El equipo de Irán viajó al continente americano para participar en el actual Mundial de futbol. En la primera fase le tocó jugar en Los Ángeles y Seattle. El gobierno de Estados Unidos negó la visa a varios miembros del cuerpo técnico y directivo, por lo cual se decidió que Tijuana fuera su campamento base durante el torneo, en vez de Tucson, Arizona.
Al llegar a Tijuana, los jugadores vestían trajes muy formales con un pin en la solapa que mostraba el número 168, en referencia a la cantidad de niñas fallecidas dentro de una escuela en Minab, al sur de Irán, durante un bombardeo efectuado por la coalición militar de Estados Unidos e Israel.
En Tijuana, los iraníes han entrenado en las instalaciones del equipo Xolos de la primera división de México, y en sus cortos traslados al hotel reciben muestras de afecto por parte de los habitantes de esa ciudad fronteriza.
El equipo de Irán viajó a Los Ángeles el domingo 15 de junio para su primer partido del Mundial 2026, contra Nueva Zelanda, que se celebró al día siguiente con arbitraje del mexicano César Arturo Ramos (nacido en Culiacán).

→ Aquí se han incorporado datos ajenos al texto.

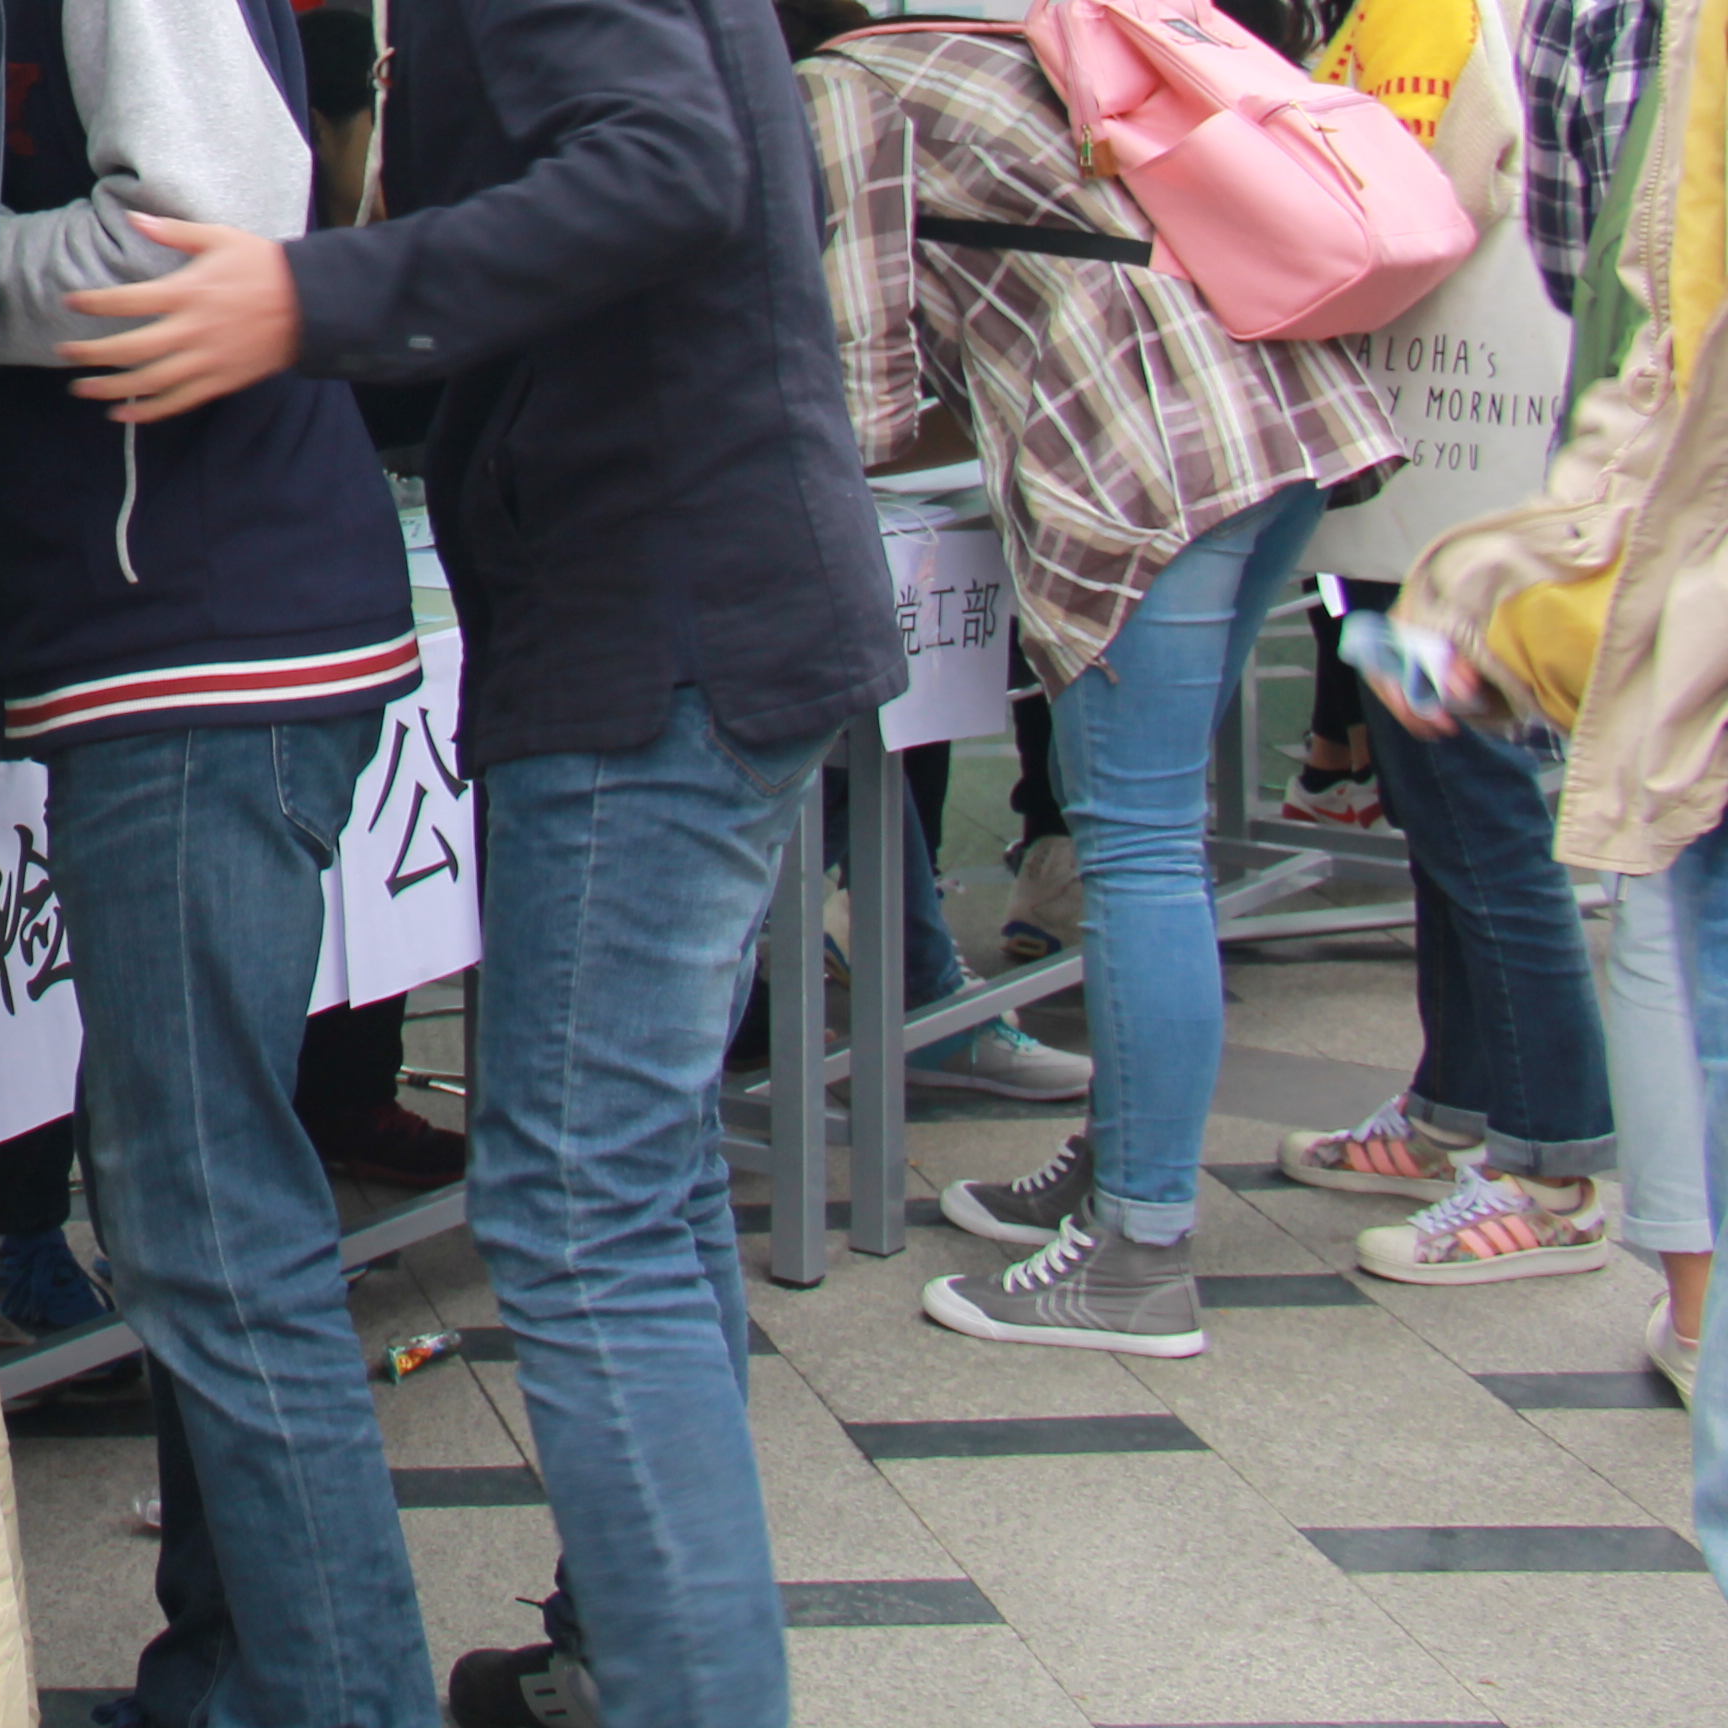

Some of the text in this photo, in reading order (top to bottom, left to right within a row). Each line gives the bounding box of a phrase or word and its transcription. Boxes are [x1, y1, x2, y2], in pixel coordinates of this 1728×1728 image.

[894, 578, 1001, 657] 党工部
[368, 707, 469, 900] 公
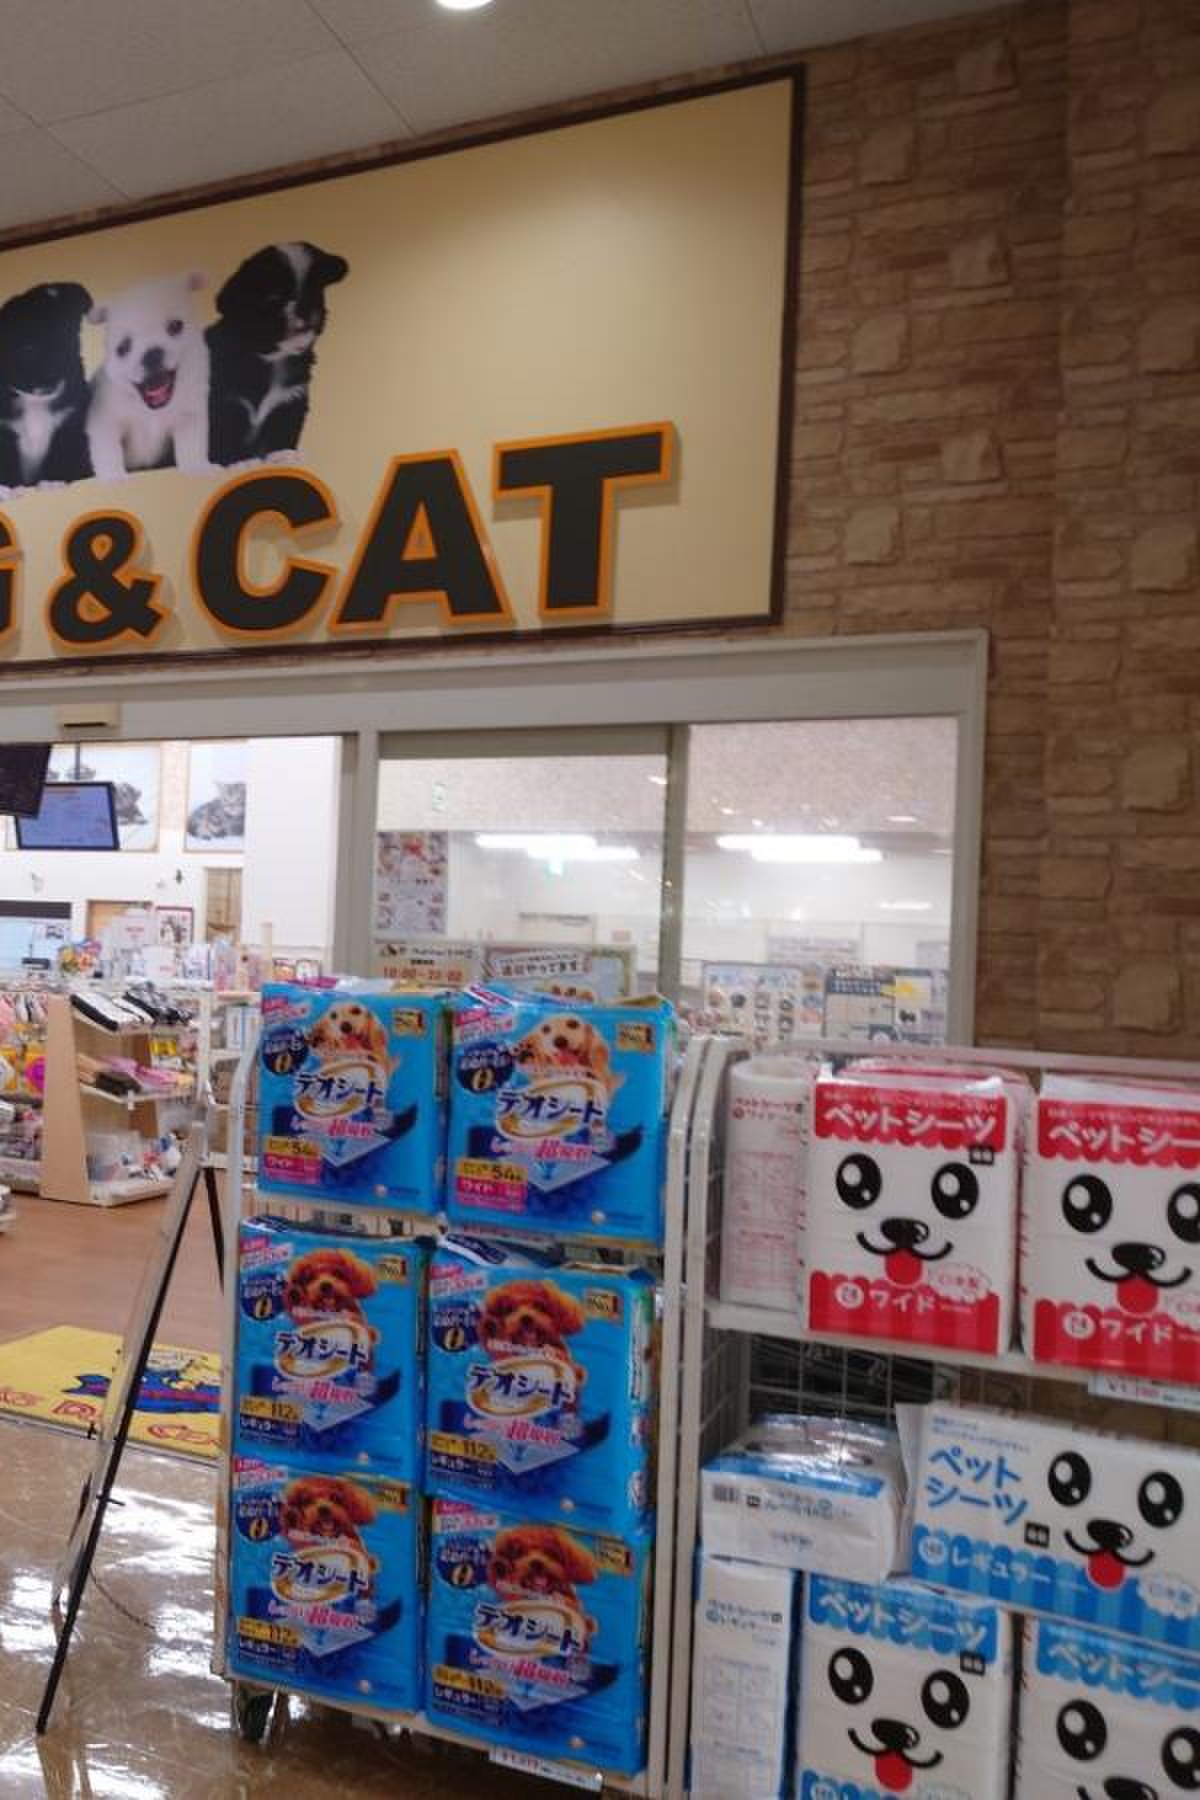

El resultado fue un intenso empate a dos goles, abucheos durante el himno iraní, apoyo generalizado al equipo durante el juego y algunos pleitos entre facciones antes y después del mismo.
En esa ciudad californiana los jugadores ya habían sido recibidos con reclamos por parte de ciudadanos iraníes en el exilio, quienes ven al equipo de futbol de su país como parte de la propaganda del actual gobierno islámico. Algunos mostraban pancartas con la imagen del “príncipe” Reza Pahlavi, heredero del depuesto Sha de Irán, quien falleció en 1980 (quieren el regreso de la monarquía). Varios manifestantes también recordaron el asesinato de miles de opositores en Irán a finales de 2025 y principios de 2026.
VII
Afuera del Museo Memoria y Tolerancia, un niño de diez años pega estampas en su álbum Panini del Mundial 2026. Su abuelo se lució comprándole la versión en pasta dura que cuesta 350 pesos, más la caja con 100 sobres que traen en total 700 estampas, con valor de 2 mil 500 pesos. Llenarlo se ve aún como una tarea ardua: intercambio con los amiguitos del barrio y compañeros de la escuela, más muestras de apoyo del abuelo consentidor y un buen chorrito de suerte.
El chamaco se ve feliz. Por un momento pienso fusilarme a Fernando Pessoa, canjear los chocolates de su poema “Tabaquería” por estampas y decirle en voz alta: “¡Pega estampitas, muchacho! Mira que no hay metafísica en el mundo como pegar estampitas”. Nada más lo pienso.